• Assignment:
Return the data below in full, matching every line exactly.

• Source data:
********************

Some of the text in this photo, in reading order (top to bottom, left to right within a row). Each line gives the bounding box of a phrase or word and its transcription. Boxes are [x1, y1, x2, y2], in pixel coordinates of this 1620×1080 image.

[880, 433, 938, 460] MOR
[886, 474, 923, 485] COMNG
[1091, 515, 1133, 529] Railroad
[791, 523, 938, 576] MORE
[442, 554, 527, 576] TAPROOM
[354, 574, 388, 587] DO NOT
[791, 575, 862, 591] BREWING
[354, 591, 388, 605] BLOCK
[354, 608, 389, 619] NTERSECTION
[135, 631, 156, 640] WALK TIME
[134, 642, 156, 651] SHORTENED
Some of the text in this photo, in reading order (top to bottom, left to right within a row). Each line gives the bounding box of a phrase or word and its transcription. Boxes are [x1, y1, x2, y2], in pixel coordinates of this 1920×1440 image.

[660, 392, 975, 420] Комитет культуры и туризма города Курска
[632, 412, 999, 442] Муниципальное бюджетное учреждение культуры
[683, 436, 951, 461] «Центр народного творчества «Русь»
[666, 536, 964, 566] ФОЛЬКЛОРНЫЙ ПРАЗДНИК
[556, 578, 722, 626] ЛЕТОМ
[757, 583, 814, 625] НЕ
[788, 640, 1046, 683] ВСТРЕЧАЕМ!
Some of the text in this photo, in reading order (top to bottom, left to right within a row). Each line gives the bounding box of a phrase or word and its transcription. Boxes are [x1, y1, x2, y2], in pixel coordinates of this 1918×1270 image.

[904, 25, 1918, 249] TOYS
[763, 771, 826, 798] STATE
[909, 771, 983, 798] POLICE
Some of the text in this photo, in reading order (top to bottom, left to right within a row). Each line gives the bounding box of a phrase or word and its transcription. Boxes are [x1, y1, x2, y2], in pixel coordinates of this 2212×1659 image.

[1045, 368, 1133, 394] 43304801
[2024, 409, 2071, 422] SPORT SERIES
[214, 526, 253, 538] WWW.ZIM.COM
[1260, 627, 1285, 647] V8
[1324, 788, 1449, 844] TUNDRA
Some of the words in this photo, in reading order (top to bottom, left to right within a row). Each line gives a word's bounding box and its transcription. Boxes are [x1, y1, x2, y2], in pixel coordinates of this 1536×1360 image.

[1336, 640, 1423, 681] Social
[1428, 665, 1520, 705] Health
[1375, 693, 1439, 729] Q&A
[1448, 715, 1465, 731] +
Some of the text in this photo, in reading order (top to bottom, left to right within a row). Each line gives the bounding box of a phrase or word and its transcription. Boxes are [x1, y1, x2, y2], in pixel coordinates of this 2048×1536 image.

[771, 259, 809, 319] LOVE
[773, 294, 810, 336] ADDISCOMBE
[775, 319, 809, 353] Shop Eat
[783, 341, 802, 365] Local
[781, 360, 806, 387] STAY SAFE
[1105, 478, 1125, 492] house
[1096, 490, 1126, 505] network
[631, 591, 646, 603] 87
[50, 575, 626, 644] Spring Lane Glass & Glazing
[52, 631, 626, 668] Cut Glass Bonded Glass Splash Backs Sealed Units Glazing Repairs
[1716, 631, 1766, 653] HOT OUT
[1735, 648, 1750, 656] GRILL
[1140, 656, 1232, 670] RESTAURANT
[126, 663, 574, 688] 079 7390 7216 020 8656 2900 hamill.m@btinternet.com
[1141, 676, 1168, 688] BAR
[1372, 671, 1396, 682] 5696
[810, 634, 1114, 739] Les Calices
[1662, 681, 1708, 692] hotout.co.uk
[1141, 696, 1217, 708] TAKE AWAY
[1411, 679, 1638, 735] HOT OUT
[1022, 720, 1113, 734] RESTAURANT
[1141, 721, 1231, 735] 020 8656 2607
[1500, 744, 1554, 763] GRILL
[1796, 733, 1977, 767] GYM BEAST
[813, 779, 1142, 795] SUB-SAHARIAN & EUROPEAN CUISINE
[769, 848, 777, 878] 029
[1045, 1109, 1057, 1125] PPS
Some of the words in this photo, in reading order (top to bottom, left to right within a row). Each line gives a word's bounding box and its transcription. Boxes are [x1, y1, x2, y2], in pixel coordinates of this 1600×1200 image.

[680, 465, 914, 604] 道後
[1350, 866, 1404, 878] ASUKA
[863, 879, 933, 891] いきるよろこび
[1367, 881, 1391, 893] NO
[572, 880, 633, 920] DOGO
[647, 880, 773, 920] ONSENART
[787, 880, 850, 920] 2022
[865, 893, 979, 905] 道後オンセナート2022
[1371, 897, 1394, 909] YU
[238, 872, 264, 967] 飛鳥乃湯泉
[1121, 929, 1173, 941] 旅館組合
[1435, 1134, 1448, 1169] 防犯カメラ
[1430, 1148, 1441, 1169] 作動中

********************

• Exercise output:
Some of the text in this photo, in reading order (top to bottom, left to right within a row). Each line gives the bounding box of a phrase or word and its transcription. Boxes are [x1, y1, x2, y2], in pixel coordinates of this 1620×1080 image.

[880, 433, 938, 460] MOR
[886, 474, 923, 485] COMNG
[1091, 515, 1133, 529] Railroad
[791, 523, 938, 576] MORE
[442, 554, 527, 576] TAPROOM
[354, 574, 388, 587] DO NOT
[791, 575, 862, 591] BREWING
[354, 591, 388, 605] BLOCK
[354, 608, 389, 619] NTERSECTION
[135, 631, 156, 640] WALK TIME
[134, 642, 156, 651] SHORTENED
Some of the text in this photo, in reading order (top to bottom, left to right within a row). Each line gives the bounding box of a phrase or word and its transcription. Boxes are [x1, y1, x2, y2], in pixel coordinates of this 1920×1440 image.

[660, 392, 975, 420] Комитет культуры и туризма города Курска
[632, 412, 999, 442] Муниципальное бюджетное учреждение культуры
[683, 436, 951, 461] «Центр народного творчества «Русь»
[666, 536, 964, 566] ФОЛЬКЛОРНЫЙ ПРАЗДНИК
[556, 578, 722, 626] ЛЕТОМ
[757, 583, 814, 625] НЕ
[788, 640, 1046, 683] ВСТРЕЧАЕМ!
Some of the text in this photo, in reading order (top to bottom, left to right within a row). Each line gives the bounding box of a phrase or word and its transcription. Boxes are [x1, y1, x2, y2], in pixel coordinates of this 1918×1270 image.

[904, 25, 1918, 249] TOYS
[763, 771, 826, 798] STATE
[909, 771, 983, 798] POLICE
Some of the text in this photo, in reading order (top to bottom, left to right within a row). Each line gives the bounding box of a phrase or word and its transcription. Boxes are [x1, y1, x2, y2], in pixel coordinates of this 2212×1659 image.

[1045, 368, 1133, 394] 43304801
[2024, 409, 2071, 422] SPORT SERIES
[214, 526, 253, 538] WWW.ZIM.COM
[1260, 627, 1285, 647] V8
[1324, 788, 1449, 844] TUNDRA
Some of the words in this photo, in reading order (top to bottom, left to right within a row). Each line gives a word's bounding box and its transcription. Boxes are [x1, y1, x2, y2], in pixel coordinates of this 1536×1360 image.

[1336, 640, 1423, 681] Social
[1428, 665, 1520, 705] Health
[1375, 693, 1439, 729] Q&A
[1448, 715, 1465, 731] +
Some of the text in this photo, in reading order (top to bottom, left to right within a row). Each line gives the bounding box of a phrase or word and its transcription. Boxes are [x1, y1, x2, y2], in pixel coordinates of this 2048×1536 image.

[771, 259, 809, 319] LOVE
[773, 294, 810, 336] ADDISCOMBE
[775, 319, 809, 353] Shop Eat
[783, 341, 802, 365] Local
[781, 360, 806, 387] STAY SAFE
[1105, 478, 1125, 492] house
[1096, 490, 1126, 505] network
[631, 591, 646, 603] 87
[50, 575, 626, 644] Spring Lane Glass & Glazing
[52, 631, 626, 668] Cut Glass Bonded Glass Splash Backs Sealed Units Glazing Repairs
[1716, 631, 1766, 653] HOT OUT
[1735, 648, 1750, 656] GRILL
[1140, 656, 1232, 670] RESTAURANT
[126, 663, 574, 688] 079 7390 7216 020 8656 2900 hamill.m@btinternet.com
[1141, 676, 1168, 688] BAR
[1372, 671, 1396, 682] 5696
[810, 634, 1114, 739] Les Calices
[1662, 681, 1708, 692] hotout.co.uk
[1141, 696, 1217, 708] TAKE AWAY
[1411, 679, 1638, 735] HOT OUT
[1022, 720, 1113, 734] RESTAURANT
[1141, 721, 1231, 735] 020 8656 2607
[1500, 744, 1554, 763] GRILL
[1796, 733, 1977, 767] GYM BEAST
[813, 779, 1142, 795] SUB-SAHARIAN & EUROPEAN CUISINE
[769, 848, 777, 878] 029
[1045, 1109, 1057, 1125] PPS
Some of the words in this photo, in reading order (top to bottom, left to right within a row). Each line gives a word's bounding box and its transcription. Boxes are [x1, y1, x2, y2], in pixel coordinates of this 1600×1200 image.

[680, 465, 914, 604] 道後
[1350, 866, 1404, 878] ASUKA
[863, 879, 933, 891] いきるよろこび
[1367, 881, 1391, 893] NO
[572, 880, 633, 920] DOGO
[647, 880, 773, 920] ONSENART
[787, 880, 850, 920] 2022
[865, 893, 979, 905] 道後オンセナート2022
[1371, 897, 1394, 909] YU
[238, 872, 264, 967] 飛鳥乃湯泉
[1121, 929, 1173, 941] 旅館組合
[1435, 1134, 1448, 1169] 防犯カメラ
[1430, 1148, 1441, 1169] 作動中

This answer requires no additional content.